** Opening ENTRIES SUPPLIED block **

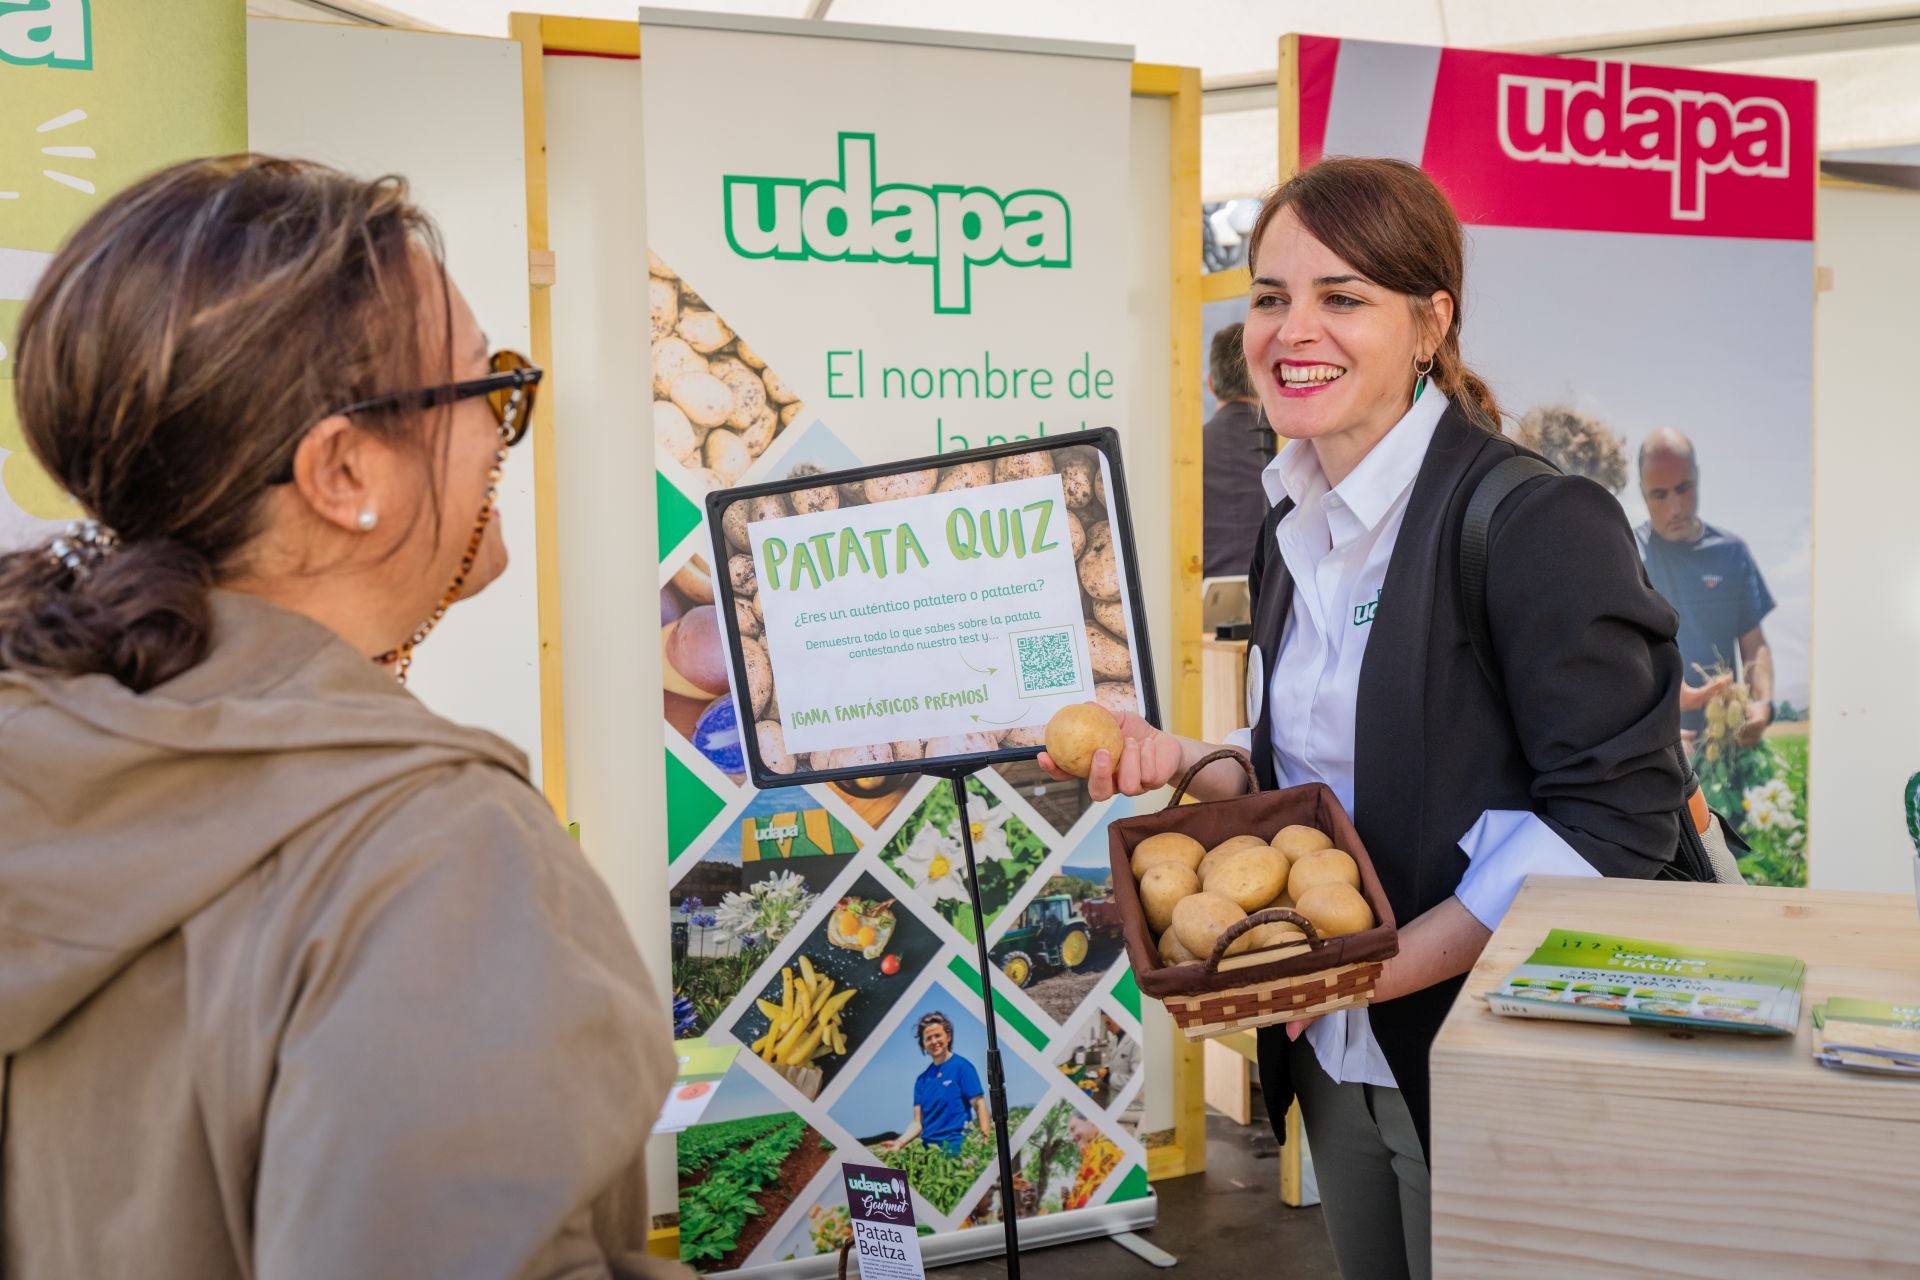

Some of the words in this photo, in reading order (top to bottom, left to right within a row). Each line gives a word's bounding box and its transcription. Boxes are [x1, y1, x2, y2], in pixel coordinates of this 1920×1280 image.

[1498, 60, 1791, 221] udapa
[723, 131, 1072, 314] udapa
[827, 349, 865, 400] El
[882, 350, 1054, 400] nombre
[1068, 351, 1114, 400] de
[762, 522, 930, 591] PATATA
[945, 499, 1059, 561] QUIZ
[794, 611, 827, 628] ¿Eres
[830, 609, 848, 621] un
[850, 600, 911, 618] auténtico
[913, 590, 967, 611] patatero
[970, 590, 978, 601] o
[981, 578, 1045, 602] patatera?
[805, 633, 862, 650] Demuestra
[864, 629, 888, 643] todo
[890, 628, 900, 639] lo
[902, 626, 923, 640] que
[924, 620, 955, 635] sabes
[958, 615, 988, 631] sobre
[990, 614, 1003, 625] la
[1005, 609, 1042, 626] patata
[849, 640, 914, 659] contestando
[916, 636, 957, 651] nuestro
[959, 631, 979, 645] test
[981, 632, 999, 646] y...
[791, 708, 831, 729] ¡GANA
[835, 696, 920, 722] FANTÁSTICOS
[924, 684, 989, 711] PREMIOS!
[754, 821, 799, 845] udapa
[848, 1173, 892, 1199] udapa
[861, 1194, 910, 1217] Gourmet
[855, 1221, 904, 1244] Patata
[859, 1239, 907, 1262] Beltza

** Closing ENTRIES SUPPLIED block **

## EXERCISE OBJECTIVE
Copy the records shown above in their entirety and exactly; images are to be left out.

## SOLUTION TO THIS PROBLEM
Some of the words in this photo, in reading order (top to bottom, left to right within a row). Each line gives a word's bounding box and its transcription. Boxes are [x1, y1, x2, y2], in pixel coordinates of this 1920×1280 image.

[1498, 60, 1791, 221] udapa
[723, 131, 1072, 314] udapa
[827, 349, 865, 400] El
[882, 350, 1054, 400] nombre
[1068, 351, 1114, 400] de
[762, 522, 930, 591] PATATA
[945, 499, 1059, 561] QUIZ
[794, 611, 827, 628] ¿Eres
[830, 609, 848, 621] un
[850, 600, 911, 618] auténtico
[913, 590, 967, 611] patatero
[970, 590, 978, 601] o
[981, 578, 1045, 602] patatera?
[805, 633, 862, 650] Demuestra
[864, 629, 888, 643] todo
[890, 628, 900, 639] lo
[902, 626, 923, 640] que
[924, 620, 955, 635] sabes
[958, 615, 988, 631] sobre
[990, 614, 1003, 625] la
[1005, 609, 1042, 626] patata
[849, 640, 914, 659] contestando
[916, 636, 957, 651] nuestro
[959, 631, 979, 645] test
[981, 632, 999, 646] y...
[791, 708, 831, 729] ¡GANA
[835, 696, 920, 722] FANTÁSTICOS
[924, 684, 989, 711] PREMIOS!
[754, 821, 799, 845] udapa
[848, 1173, 892, 1199] udapa
[861, 1194, 910, 1217] Gourmet
[855, 1221, 904, 1244] Patata
[859, 1239, 907, 1262] Beltza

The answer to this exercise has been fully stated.